Segment Start: Data for the task
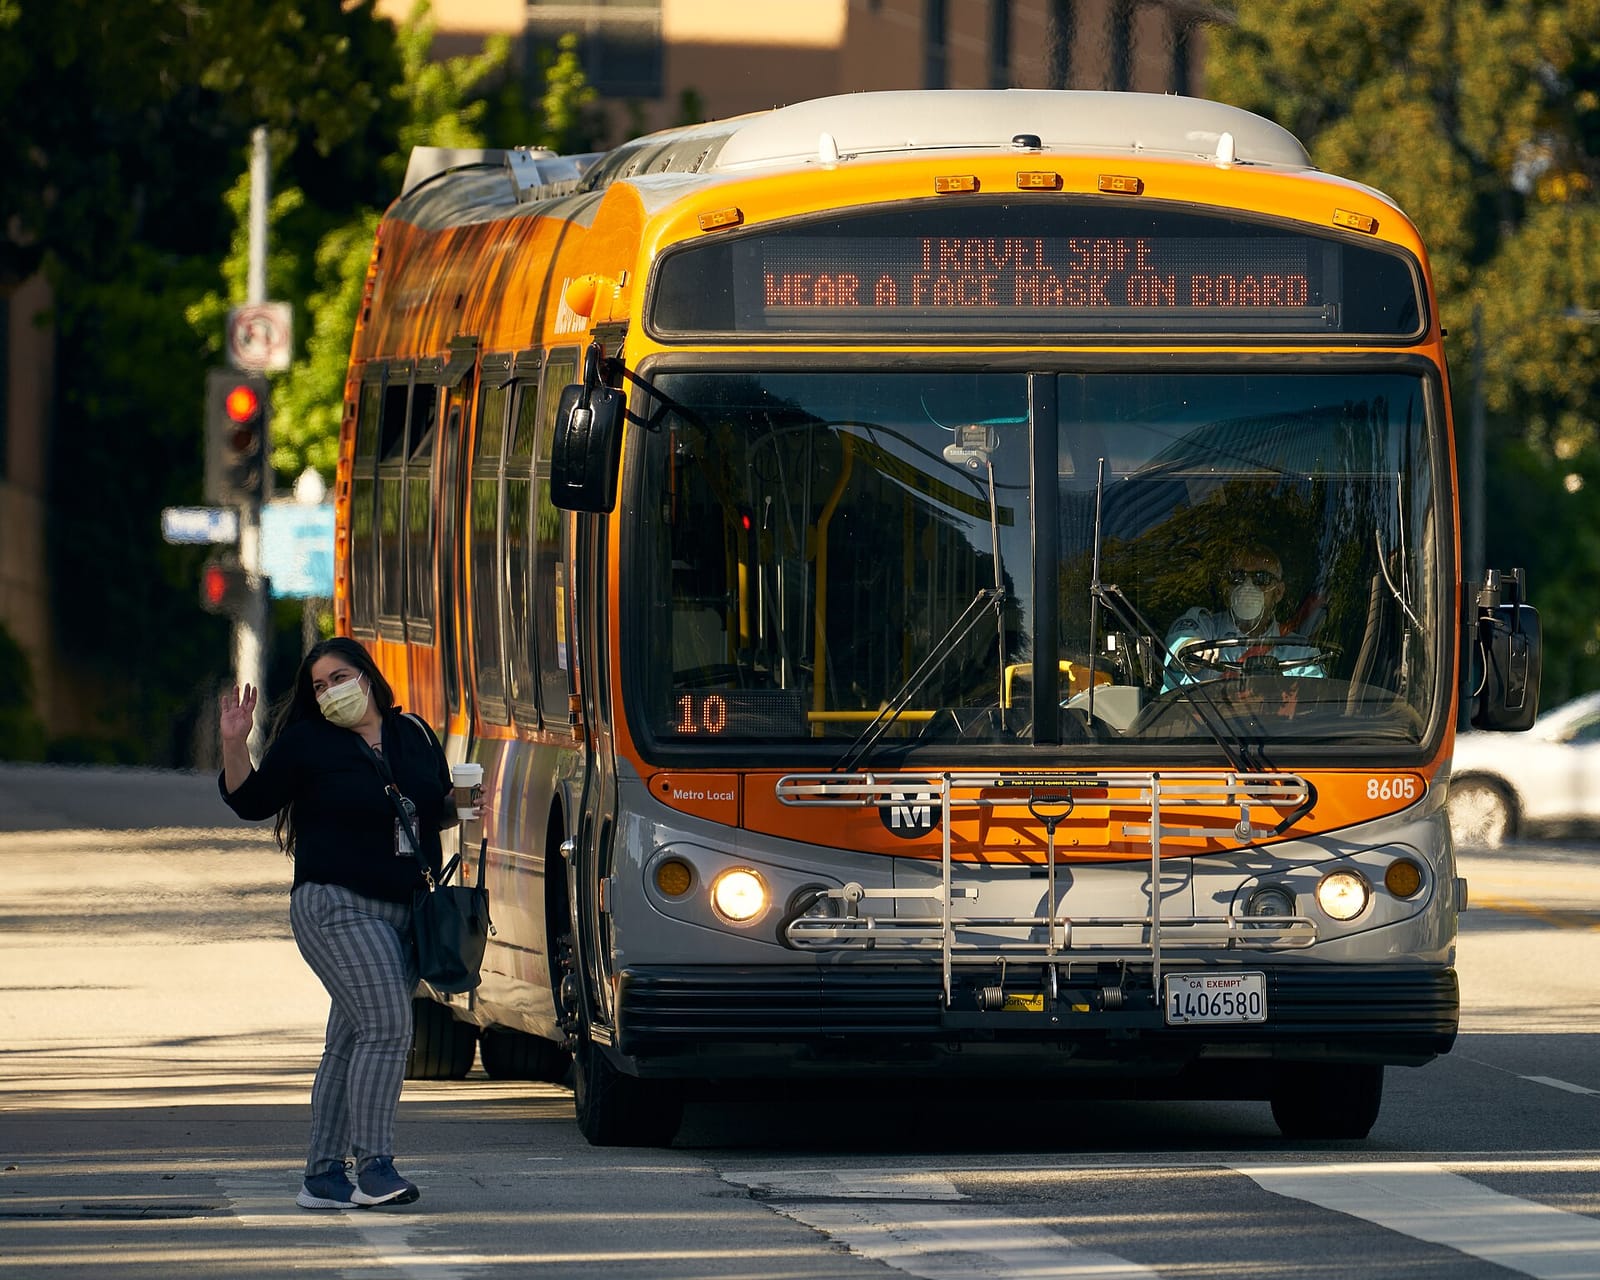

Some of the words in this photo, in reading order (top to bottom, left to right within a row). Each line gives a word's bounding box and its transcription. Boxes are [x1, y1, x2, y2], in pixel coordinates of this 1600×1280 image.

[921, 239, 1053, 271] TRAVEL
[1069, 239, 1155, 271] SAFE
[765, 274, 860, 306] WEAR
[874, 274, 897, 306] A
[912, 274, 999, 306] FACE
[1014, 274, 1111, 306] MASK
[1126, 274, 1176, 306] ON
[1191, 274, 1309, 306] BOARD
[677, 694, 727, 733] 10
[673, 789, 704, 800] Metro
[707, 790, 734, 801] Local
[1366, 778, 1415, 800] 8605
[891, 791, 931, 828] M
[1189, 981, 1202, 989] CA
[1206, 980, 1241, 988] EXEMPT
[1172, 991, 1260, 1017] 1406580
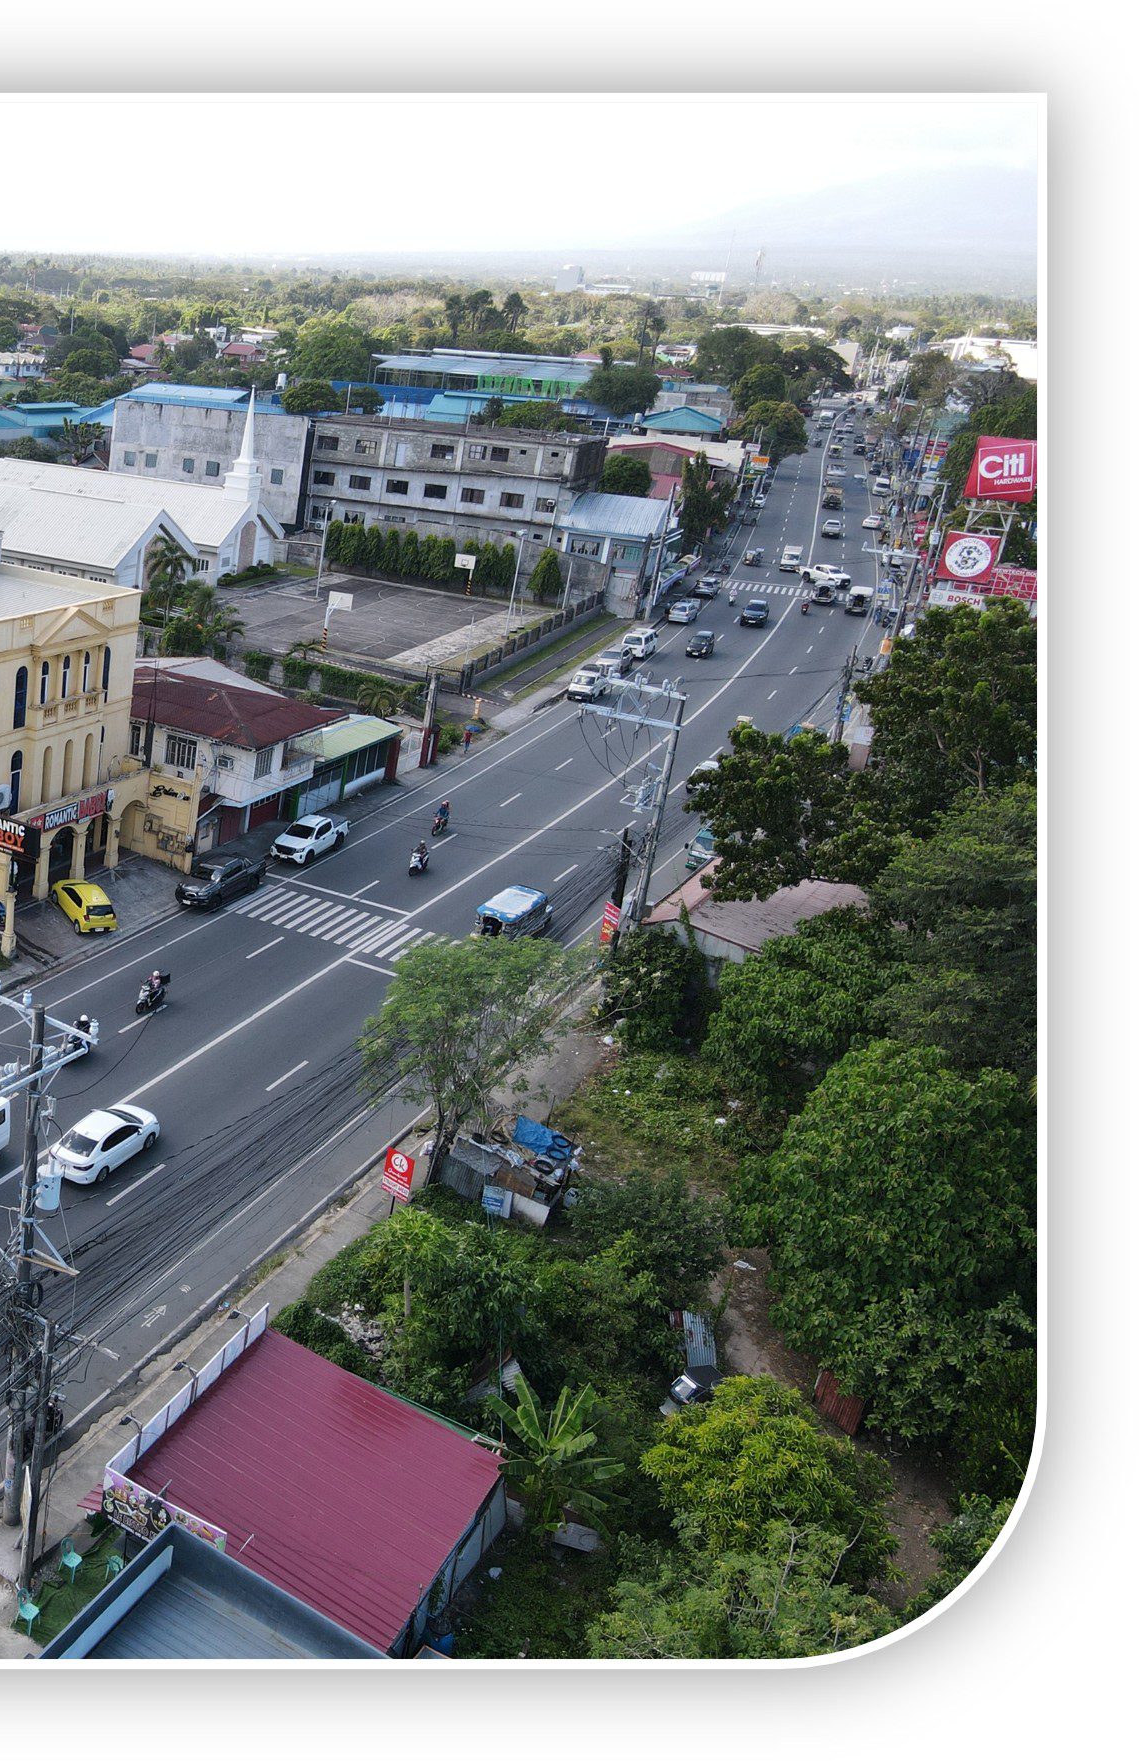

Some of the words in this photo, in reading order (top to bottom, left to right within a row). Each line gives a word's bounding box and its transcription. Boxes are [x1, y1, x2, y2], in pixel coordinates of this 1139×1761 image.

[979, 453, 1025, 478] Citi
[994, 476, 1032, 485] HARDWARE
[947, 594, 981, 606] BOSCH
[44, 806, 78, 830] ROMANTIC
[79, 790, 107, 819] BABOY
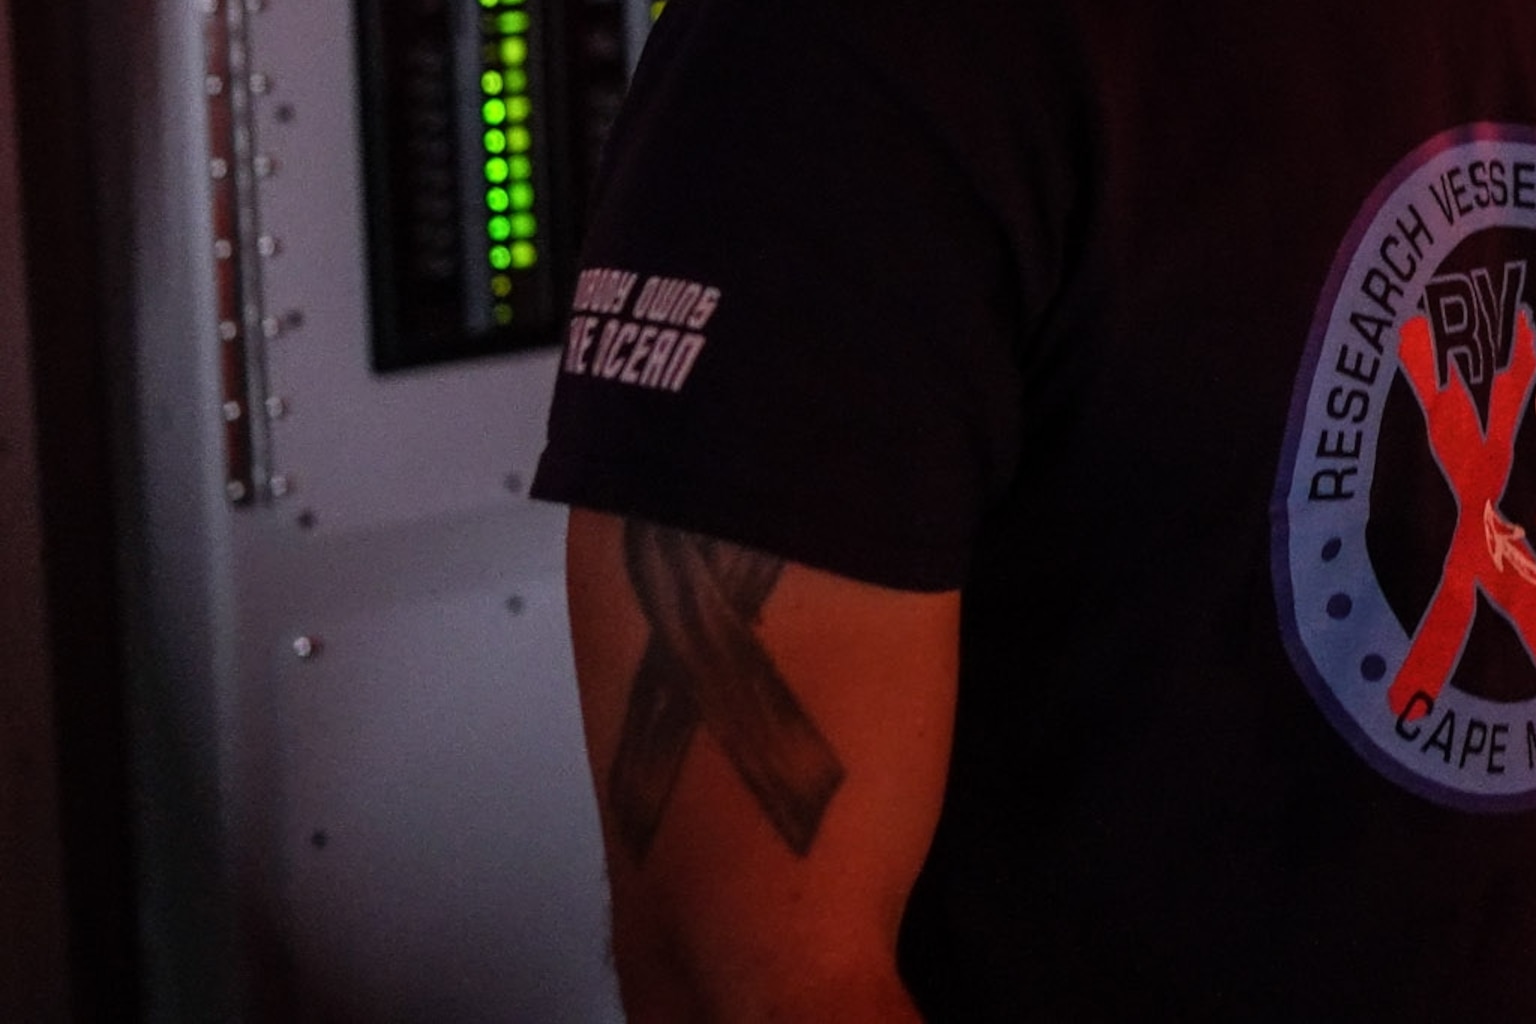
Segment End: Data for the task
__Task objective__.
Word for word, retype all of the data above, but include no pictures.

__Task solution__.
Some of the words in this photo, in reading order (top to bottom, left to right within a row). Each line gives a word's bounding box and its transcription. Boxes are [x1, y1, x2, y2], in pixel coordinates of this 1600×1280 image.

[921, 239, 1053, 271] TRAVEL
[1069, 239, 1155, 271] SAFE
[765, 274, 860, 306] WEAR
[874, 274, 897, 306] A
[912, 274, 999, 306] FACE
[1014, 274, 1111, 306] MASK
[1126, 274, 1176, 306] ON
[1191, 274, 1309, 306] BOARD
[677, 694, 727, 733] 10
[673, 789, 704, 800] Metro
[707, 790, 734, 801] Local
[1366, 778, 1415, 800] 8605
[891, 791, 931, 828] M
[1189, 981, 1202, 989] CA
[1206, 980, 1241, 988] EXEMPT
[1172, 991, 1260, 1017] 1406580

Some of the words in this photo, in reading order (top to bottom, left to right within a row). Each line gives a word's bounding box and its transcription. Boxes are [x1, y1, x2, y2], in pixel coordinates of this 1139×1761 image.

[979, 453, 1025, 478] Citi
[994, 476, 1032, 485] HARDWARE
[947, 594, 981, 606] BOSCH
[44, 806, 78, 830] ROMANTIC
[79, 790, 107, 819] BABOY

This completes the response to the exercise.